Tymczasowa szefowa administracji wojskowej rejonu (powiatu) Szostka Oksana Tarasiuk powiadomiła, iż co najmniej 30 osób zostało rannych w rosyjskim ataku na pociąg na stacji kolejowej w Szostce. Zauważyła, iż poszkodowani zostali przewiezieni do szpitala.
„Brutalny rosyjski atak dronem na dworzec kolejowy w Szostce w obwodzie sumskim. (...) w tej chwili wiadomo już o kilkudziesięciu poszkodowanych osobach.
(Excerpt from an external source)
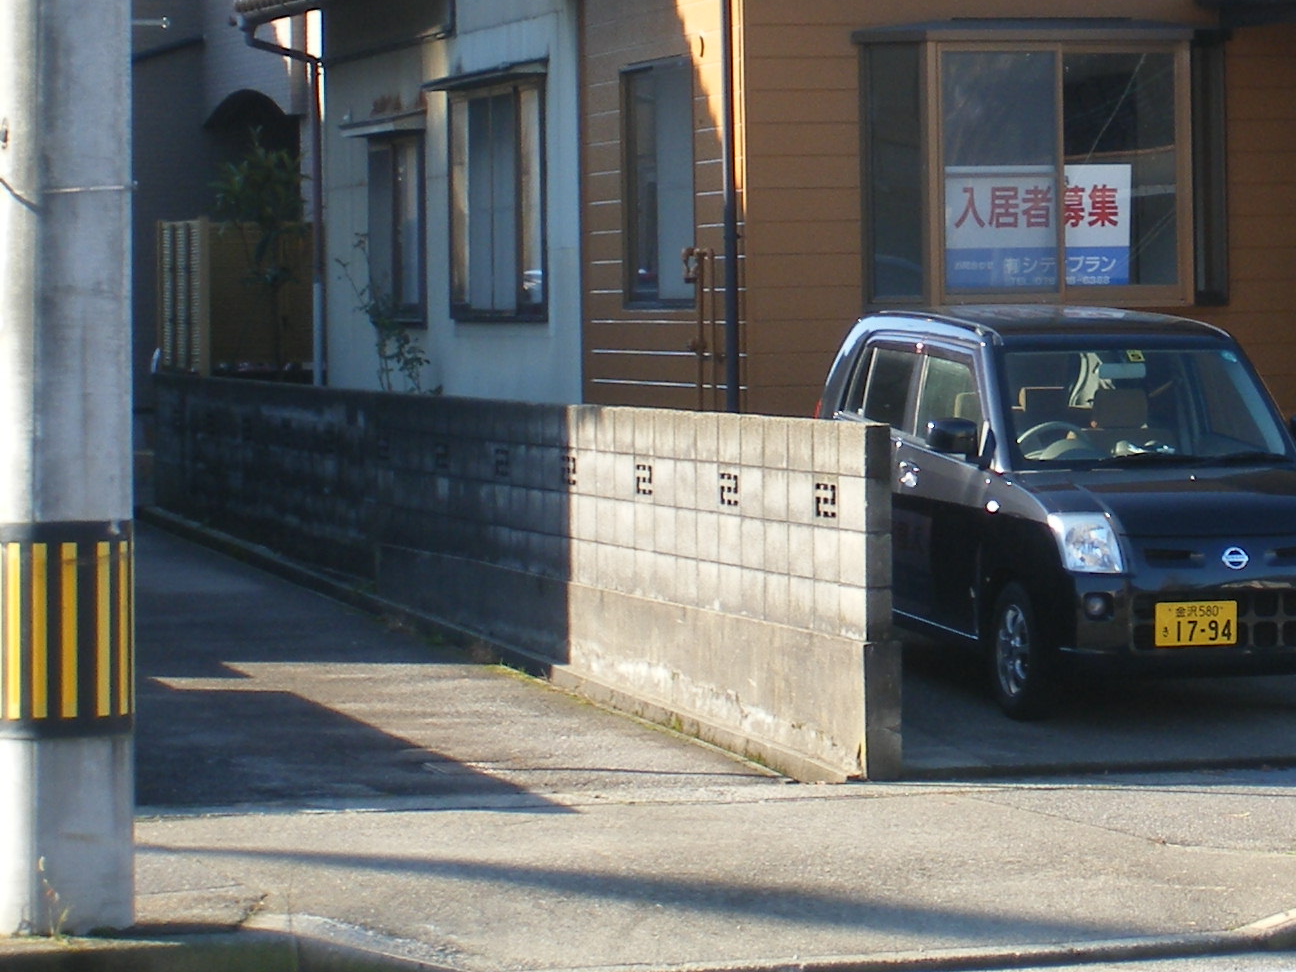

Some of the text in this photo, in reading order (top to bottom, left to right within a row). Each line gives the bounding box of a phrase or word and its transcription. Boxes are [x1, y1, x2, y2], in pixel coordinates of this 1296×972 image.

[954, 184, 1119, 229] 入居者募集
[1176, 606, 1219, 617] 金沢580
[1177, 619, 1232, 642] 17-94
Wstępnie wiadomo, iż w miejscu uderzenia znajdowali się zarówno pracownicy Ukrzaliznyci (ukraińskich kolei państwowych - PAP), jak i pasażerowie” – napisał prezydent Ukrainy na Telegramie, dołączając nagranie wideo pokazujące skutki ataku.
Zełenski podkreślił, iż siły rosyjskie nie mogły nie wiedzieć, iż atakują ludność cywilną i iż jest to terror, którego świat nie ma prawa ignorować.
„Każdego dnia Rosja odbiera ludziom życie. I tylko siła może zmusić ich do zaprzestania tych działań. Słyszeliśmy zdecydowane oświadczenia Europy i Ameryki, i już dawno nadszedł czas, aby je wszystkie zrealizować” – oświadczył.